Fair fares for the climate

The United Nations took an important step last year when it agreed to a net-zero carbon dioxide (CO2) goal for international aviation by 2050. But industry angst is growing about the potential costs of that transition. Qatar Airways CEO Akbar Al Baker recently made headlines by arguing that the aviation industry isn’t on track to achieve net zero in 2050 because of the slow uptake of alternative jet fuels. Moreover, a new study by Bain & Company argues that deep cuts in CO2 below current levels are unlikely and that achieving net-zero emissions will increase airline operating costs by 8% to 18% and significantly erode their profit margins. For their part, governments representing emerging economies like India have argued for additional space to grow their aviation sectors before achieving net-zero emissions.

Last September, the ICCT published a study on how a frequent flying levy, a progressive taxation of air tickets as a function of how often an individual flies, could help generate revenue for the net-zero transition in an equitable way. That study estimated that an FFL tax on the world’s frequent fliers—the 2% of the global population who take about 40% of all trips—could generate more than 80% of the revenue needed for decarbonization.

An FFL enjoys widespread support in environmental and social justice communities but,  unfortunately, not so much from airlines. This shouldn’t surprise us. Aside from the practical and political questions about imposing a new tax worldwide, the FFL targets airlines’ most important customers. However, a flat increase in ticket prices could hit the poorest travelers hardest, as shown in our FFL paper. So, what strategies could airlines adopt instead of a tax on frequent fliers or across-the-board fare hikes?

Luckily, airlines have sophisticated ticket pricing structures to pass along costs to those that can most readily pay—business travelers. These rules, described in this excellent video primer, employ tactics like advance-purchase and minimum-stay requirements to distinguish business from leisure travelers. These rules allow airlines to sell the identical product (e.g., a premium economy seat) at a higher cost to business travelers while keeping costs low for more price-sensitive leisure travelers. There’s reason to believe that these same rules can be used to pass along the higher costs of clean fuels to wealthier frequent fliers.

That’s because people who fly frequently for work also fly frequently for leisure, according to data compiled by the International Air Transport Association (figure). Two-thirds of the passengers surveyed flew infrequently for work, defined here as taking four or fewer work trips per year. But flying frequently for business (five or more times per year) makes it three times more likely that someone also flies frequently for leisure. The effect is even more skewed for the super fliers who take more than 10 work trips per year. These road warriors are 15 times more likely than infrequent business fliers to fly more than 10 times per year for leisure.

Bar chart with green, blue and red sections showing the number of leisure flights taken each year by business travelers.

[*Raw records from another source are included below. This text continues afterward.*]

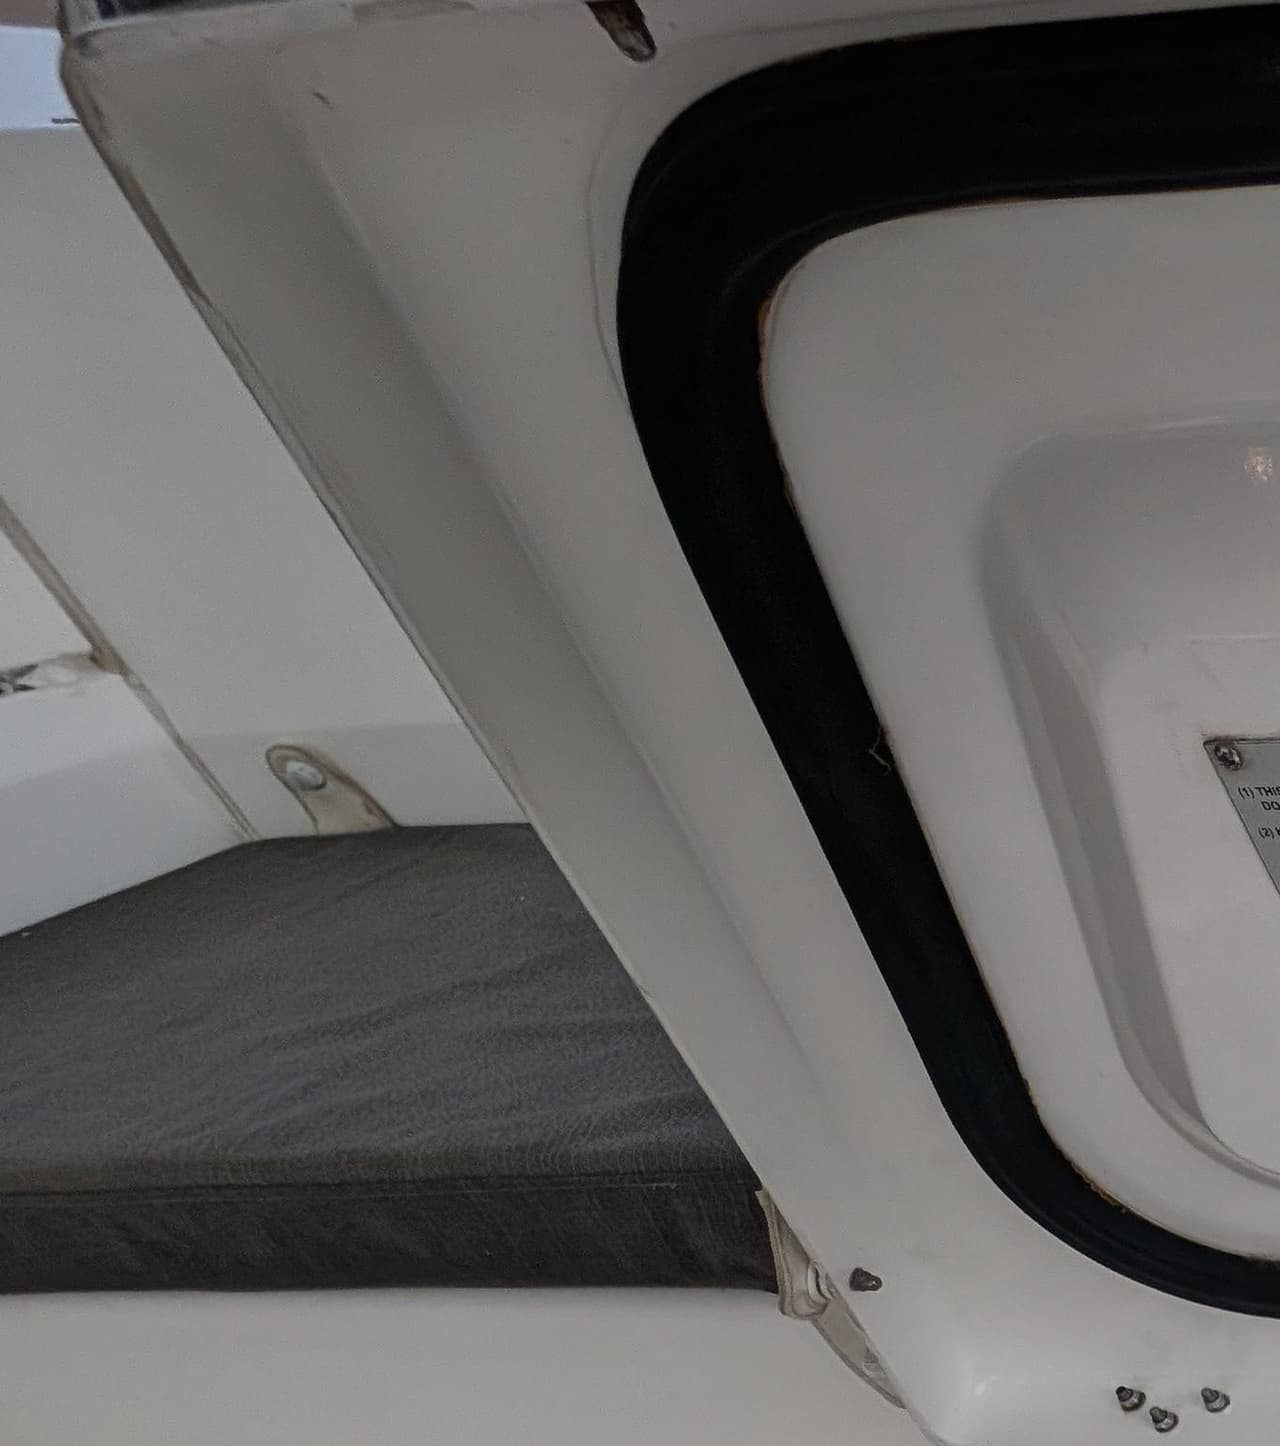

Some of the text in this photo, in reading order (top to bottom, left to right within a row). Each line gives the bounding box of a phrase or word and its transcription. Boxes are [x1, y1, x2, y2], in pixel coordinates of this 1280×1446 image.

[1238, 786, 1255, 800] (1)
[1261, 801, 1280, 811] DO
[1258, 827, 1275, 839] (2)
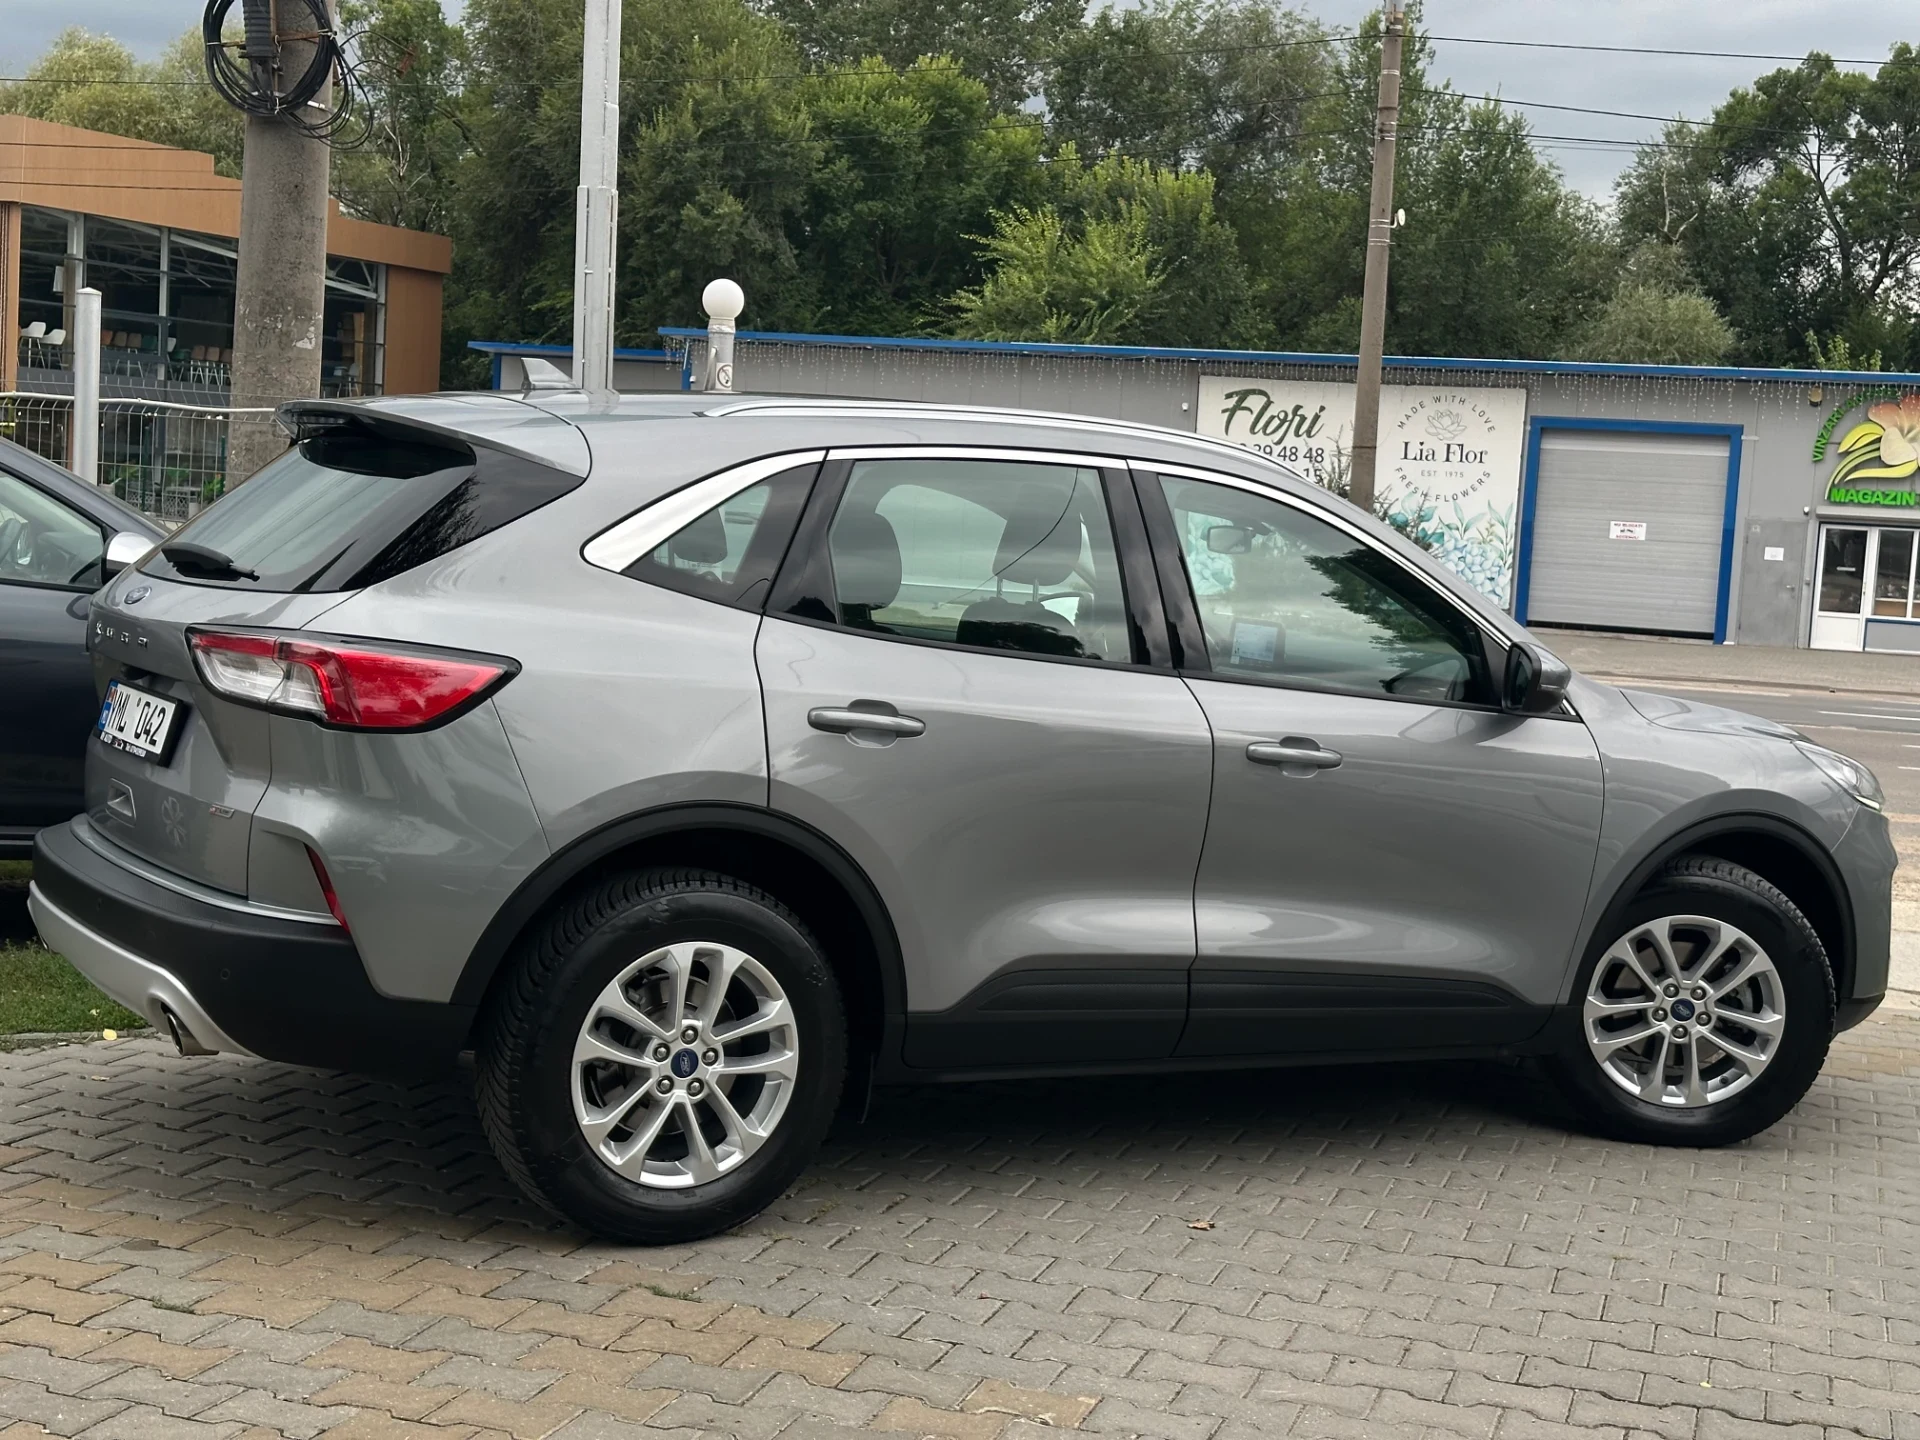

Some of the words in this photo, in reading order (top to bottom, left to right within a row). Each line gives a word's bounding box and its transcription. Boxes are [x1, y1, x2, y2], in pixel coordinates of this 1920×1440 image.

[1220, 388, 1326, 446] Flori
[1397, 400, 1426, 430] MADE
[1432, 395, 1466, 405] WITH
[1471, 403, 1496, 433] LOVE
[1277, 446, 1298, 462] 48
[1303, 447, 1324, 463] 48
[1400, 440, 1437, 462] Lia
[1442, 442, 1488, 464] Flor
[1394, 467, 1428, 498] FRESH
[1435, 470, 1491, 502] FLOWERS
[1421, 469, 1437, 477] EST
[1829, 488, 1916, 506] MAGAZIN
[134, 701, 166, 746] 042

About 60 percent of super business fliers, who take 10 or more work trips each year, also take more than 10 leisure flights each year.

Figure. Number of leisure flights taken each year by business fliers. Source: International Air Transportation Association 2022 Global Passenger Survey.

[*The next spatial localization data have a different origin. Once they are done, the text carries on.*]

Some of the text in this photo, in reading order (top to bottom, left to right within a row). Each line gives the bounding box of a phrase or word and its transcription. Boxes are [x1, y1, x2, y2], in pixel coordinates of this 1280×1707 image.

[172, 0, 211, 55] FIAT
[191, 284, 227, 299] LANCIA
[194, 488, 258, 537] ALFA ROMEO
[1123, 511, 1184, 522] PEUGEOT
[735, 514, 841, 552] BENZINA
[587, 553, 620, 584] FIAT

It’s well known that ticket purchasing behavior varies between business and leisure travelers; that’s the whole basis for making seats on short trips purchased close to the departure date more expensive because companies are more likely to pick up the bill, not individuals. However, it’s a reasonable guess that, if a person flies frequently for both work and leisure travel, their purchasing behavior will be more similar across both types of travel than not.

What does this all mean? It means that, when choosing how to pass along the costs of meeting net-zero targets to consumers, airlines concerned about equity should be able to leverage existing pricing structures to pass along more of the costs to work travelers and to wealthier leisure travelers. For example, an overall cost increase of 10% to finance emissions reductions might be broken down into a 15% cost increase for fare classes meant for work travel but only a 5% cost increase for fare classes commonly purchased for leisure travel.

This approach would assign a larger share of mitigation costs to companies, not consumers. And it would also raise prices more for those frequent leisure fliers who, just like business travelers, purchase higher-priced fare classes. An even more direct approach would be for airlines to assign more decarbonization costs to premium seating, which is clearly a luxury good. Infrequent leisure travelers will keep buying the cheapest tickets that—as in the example above—have a lower percentage of the total price going toward emissions reductions.

To be clear, I don’t expect this to be the only solution for covering the cost of the net-zero transition. Voluntary approaches to help cover the price premium of alternative jet fuels, through efforts like the Sustainable Aviation Buyers Alliance (SABA) and Lufthansa’s “Green Fares,” will also be needed. Likewise, disclosing emissions at the time of booking empowers consumers, as argued in this paper. Still, one important strategy—to use existing ticket-pricing strategies to pass on more of the costs to work and frequent fliers—could already be at the gate.